CHRISTIANS believe in a lot of extraordinary things. Many are easy to believe in: being honest, generous to the poor and kind to the sick. These are indeed human characteristics to which virtually all of us aspire.
However, there is one thing which is really hard to believe in, and that is the resurrection. The idea that Jesus of Nazareth, a man who lived 2,000 years ago, rose from the dead is a challenge.
It was, however, like that from the beginning. The Gospel writers honestly relate the dismay of his followers. When reports began to circulate that Jesus had risen, the Gospel writers indicated that some thought the body had been stolen from the grave.

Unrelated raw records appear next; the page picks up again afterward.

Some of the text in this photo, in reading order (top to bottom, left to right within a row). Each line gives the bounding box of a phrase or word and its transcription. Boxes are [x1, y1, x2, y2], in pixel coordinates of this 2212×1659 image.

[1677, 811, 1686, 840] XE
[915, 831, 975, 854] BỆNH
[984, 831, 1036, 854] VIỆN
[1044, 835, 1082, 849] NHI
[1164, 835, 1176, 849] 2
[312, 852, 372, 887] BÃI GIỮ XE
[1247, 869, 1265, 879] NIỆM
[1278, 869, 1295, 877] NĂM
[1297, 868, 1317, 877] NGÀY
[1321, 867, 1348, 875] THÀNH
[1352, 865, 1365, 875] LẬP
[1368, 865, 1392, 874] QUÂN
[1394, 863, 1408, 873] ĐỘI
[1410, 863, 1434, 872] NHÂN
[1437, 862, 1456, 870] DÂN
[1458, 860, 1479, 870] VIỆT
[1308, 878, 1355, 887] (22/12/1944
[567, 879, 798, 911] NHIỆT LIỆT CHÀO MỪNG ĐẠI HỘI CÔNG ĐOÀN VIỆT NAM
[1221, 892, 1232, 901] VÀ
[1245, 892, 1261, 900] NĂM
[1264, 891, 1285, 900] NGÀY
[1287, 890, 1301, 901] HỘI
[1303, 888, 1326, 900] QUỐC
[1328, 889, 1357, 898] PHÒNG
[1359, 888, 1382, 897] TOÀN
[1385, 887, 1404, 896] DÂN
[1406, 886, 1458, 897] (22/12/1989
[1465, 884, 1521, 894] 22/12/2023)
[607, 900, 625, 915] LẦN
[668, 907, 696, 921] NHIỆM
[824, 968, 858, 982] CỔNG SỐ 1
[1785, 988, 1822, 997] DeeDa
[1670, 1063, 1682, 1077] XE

Two of Jesus' followers failed to recognise him when he joined them on the road to nearby Emmaus following his death and resurrection. Sharing a meal with them that evening, he explained how the Hebrew scriptures had been fulfilled in his life and death.

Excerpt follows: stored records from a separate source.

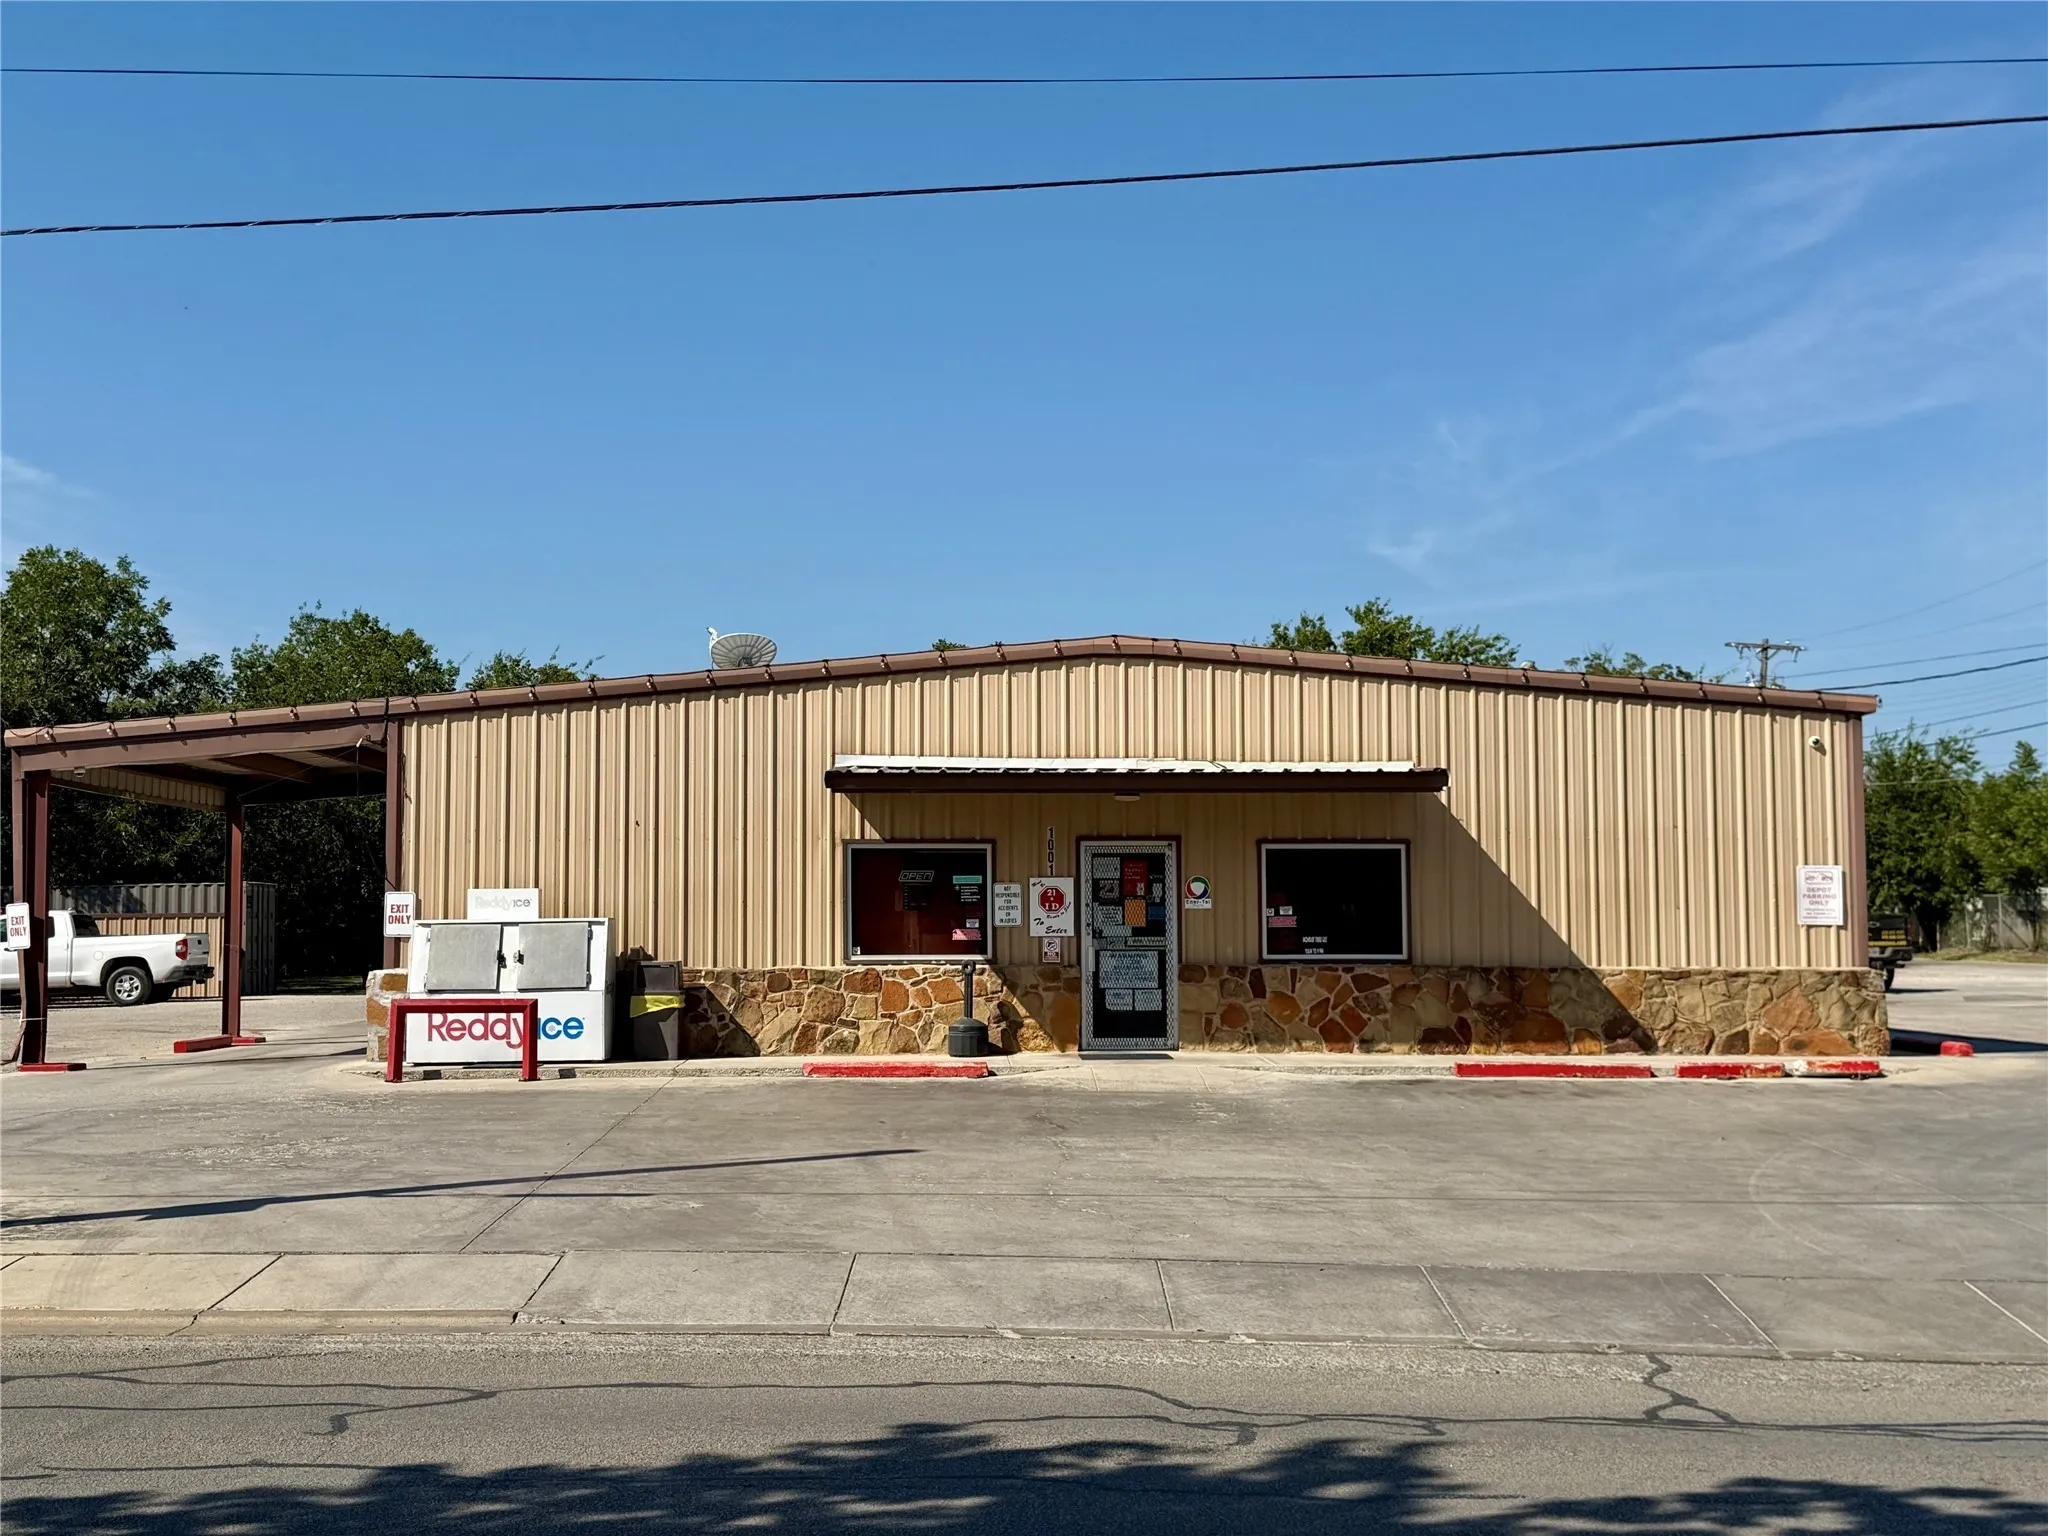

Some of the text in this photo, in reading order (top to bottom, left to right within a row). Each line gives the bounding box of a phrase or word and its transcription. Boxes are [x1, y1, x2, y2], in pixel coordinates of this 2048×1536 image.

[1047, 826, 1055, 876] 1001
[901, 872, 932, 880] OPEN
[1046, 889, 1056, 897] 21
[390, 904, 409, 914] EXIT
[10, 916, 25, 926] EXIT
[388, 915, 411, 925] ONLY
[1033, 917, 1045, 926] To
[10, 927, 27, 937] ONLY
[1045, 925, 1067, 935] Enter

A week later, Thomas the Apostle refused to believe unless he could put his fingers into the holes the nails and spear had made.
Another early, near-contemporary writer, Paul of Tarsus, claimed that Jesus' resurrection lay at the root of his mission. Writing to a Christian community in Corinth in the mid- 1st Century, Paul stated that faith in Christ's resurrection was vital for his followers.

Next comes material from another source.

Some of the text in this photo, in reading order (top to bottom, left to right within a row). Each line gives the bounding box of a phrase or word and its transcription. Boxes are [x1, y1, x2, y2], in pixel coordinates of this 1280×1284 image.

He claimed that sins were forgiven through the death of Jesus, and that if he had not risen his followers would be the most pitiable of people.
Rebirth and new growth are found all around us, especially at this time of year. Although the concepts of resurrection or rebirth occur in some other religions other than Christianity, the idea of an afterlife with God is one of the faith's keystones.
Spare a thought for priests this Easter. It is hard being a salesman for property which can only be entered into after death. Imagine selling real estate and telling the customer to accept it on faith. Pay your deposit. When you close your eyes for the last time, you will wake up in Paradise. It is a hard sell.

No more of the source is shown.